Legalization of marijuana is a great idea in California, and not just because it would make life easier, cheaper, and safer for pot smokers (and everyone else). It could also make the state quite a bit richer than it already is.
The office of the state’s Legislative Analyst reported in August that two propositions on the November ballot – including one that would legalize cannabis for any adult use – would likely generate more than $2 billion in tax revenue each year.
Prop. 64 is the marijuana initiative, also known as the Adult Use of Marijuana Act. It would legalize purchase, possession, and use of marijuana for recreation. It would also provide rules and taxes for a legal cannabis industry across the state.
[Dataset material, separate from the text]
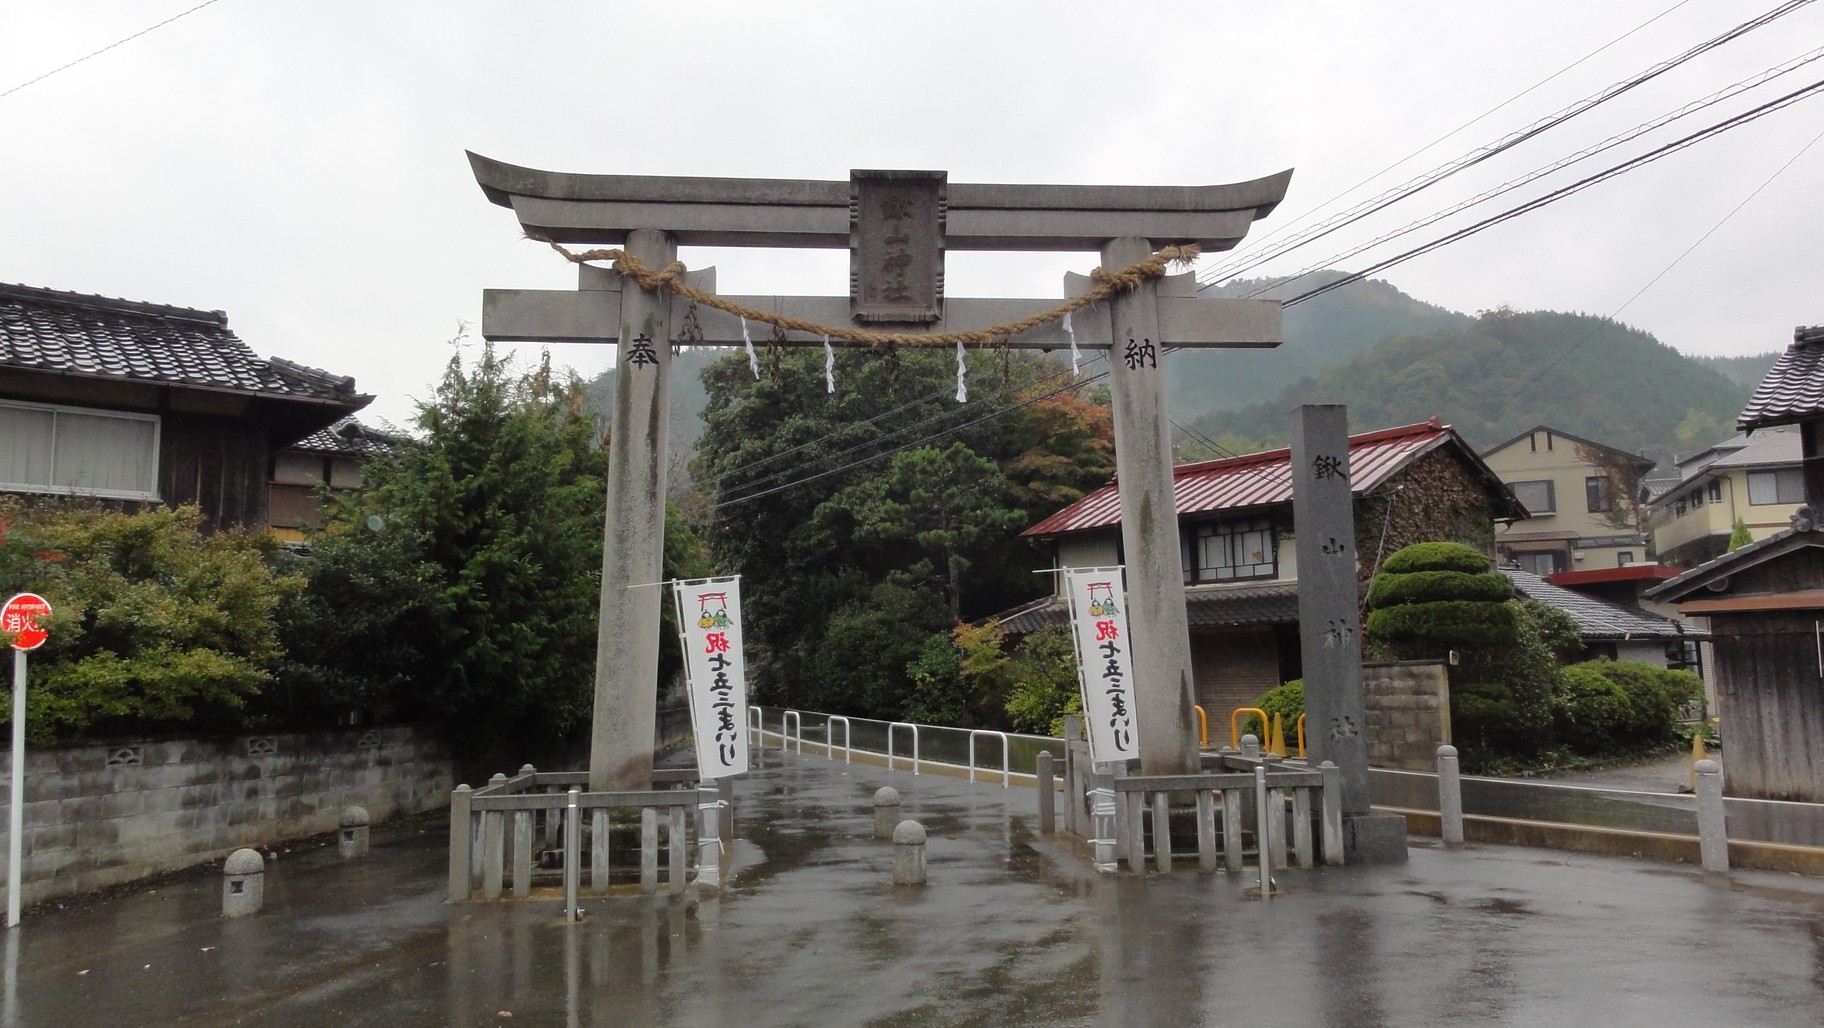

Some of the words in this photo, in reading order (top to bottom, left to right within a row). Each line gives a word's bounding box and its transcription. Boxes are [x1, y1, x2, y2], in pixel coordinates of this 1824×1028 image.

[625, 332, 660, 371] 奉
[1123, 338, 1157, 371] 納
[6, 612, 45, 633] 消火
The Legislative Analyst’s office estimated in an official report that the initiative would bring in hundreds of millions of dollars in tax revenue at least, possibly as much as $1 billion annually. Prop. 64 has strong public support and is widely expected to pass at the ballot box Nov. 8.
Funding schools and drug-abuse education
If it does, adults in California will be allowed to possess up to 1 ounce of marijuana for personal use and to grow up to four plants. The AUMA also provides protections for children and directs much of the tax money to pay for schools and drug-abuse education programs.
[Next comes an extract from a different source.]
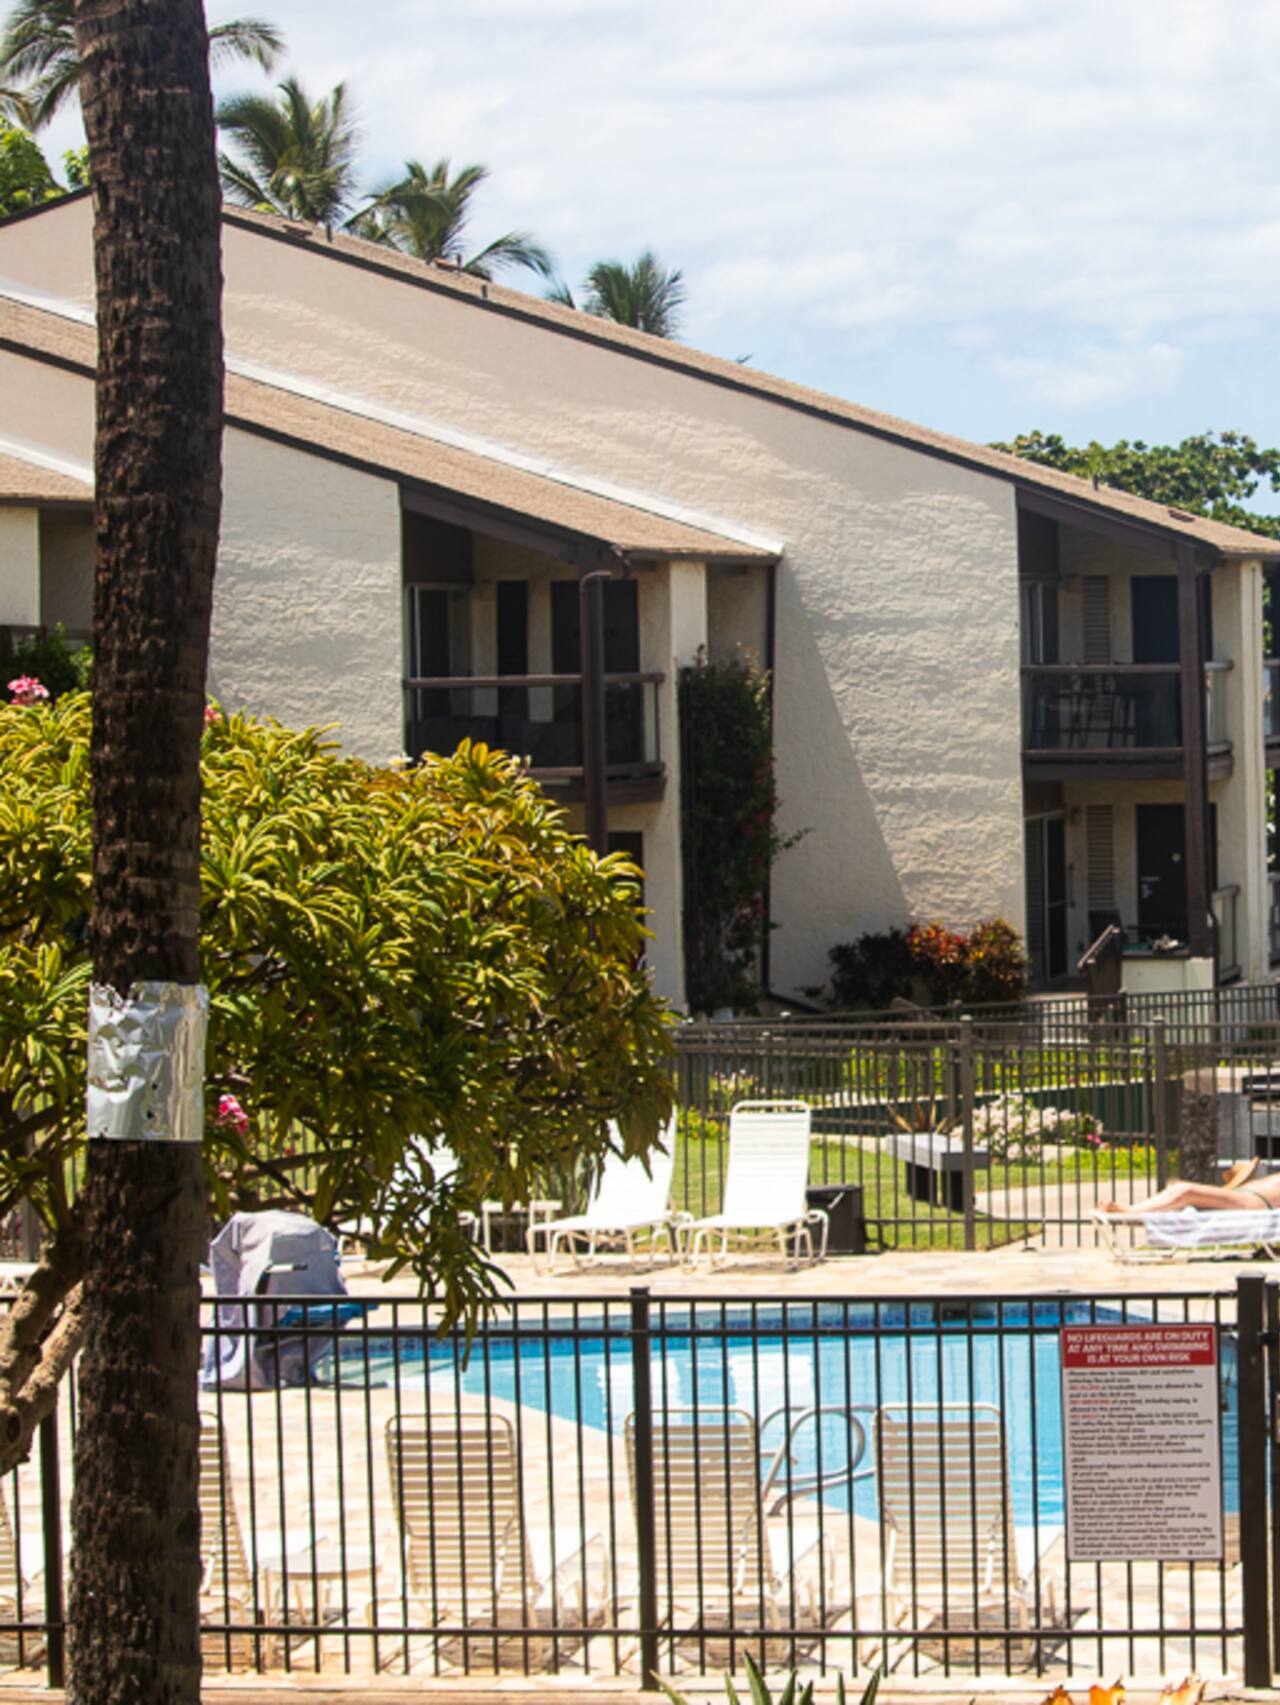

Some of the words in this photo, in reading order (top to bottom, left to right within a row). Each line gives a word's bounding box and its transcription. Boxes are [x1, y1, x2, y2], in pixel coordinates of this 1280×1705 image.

A long and growing list of political leaders and policy organizations have endorsed the proposal, including Lt. Gov. Gavin Newsom, the state’s branch of the NAACP, and the California Medical Association. Legalization is also in the official platform of the state Democratic Party, which dominates every branch of state government.
Tech billionaire Sean Parker, a onetime president of Facebook, is leading the campaign to reform California’s outdated pot laws. His group has raised about $9 million, compared to less than $1 million raised by opponents of the initiative.
Huge implications for future of marijuana reform
The outcome of the marijuana vote could have huge ramifications for the future of reform. Once California goes legal, it will become harder for other states to hold off the inevitable tide of legal cannabis. Even federal law might change following a victory in the Golden State.
“California is a game changer in this debate”
“California will be asked to do something that will change the debate nationally in terms of failed drug policy,” Newsom said earlier this year. “California is a game changer in this debate. It’s significant what’s happened in Colorado, Washington, Alaska, and Oregon, but it will pale in comparison to the decision the taxpayers, the voters of this state will be asked this November.”
Another, related ballot initiative seeks to tackle tobacco, a far deadlier drug than marijuana, by imposing a new $2 sales tax on each pack of cigarettes and an equivalent tax on other tobacco products. The revenue from those taxes could add up to another $1 billion, the Legislative Analyst’s office reported.
The state recently became the first in the nation to raise the legal smoking age to 21 from 18. Cigarette use has been on the decline in California and elsewhere in recent decades, but higher prices and a higher age limit will likely cut the rate even further.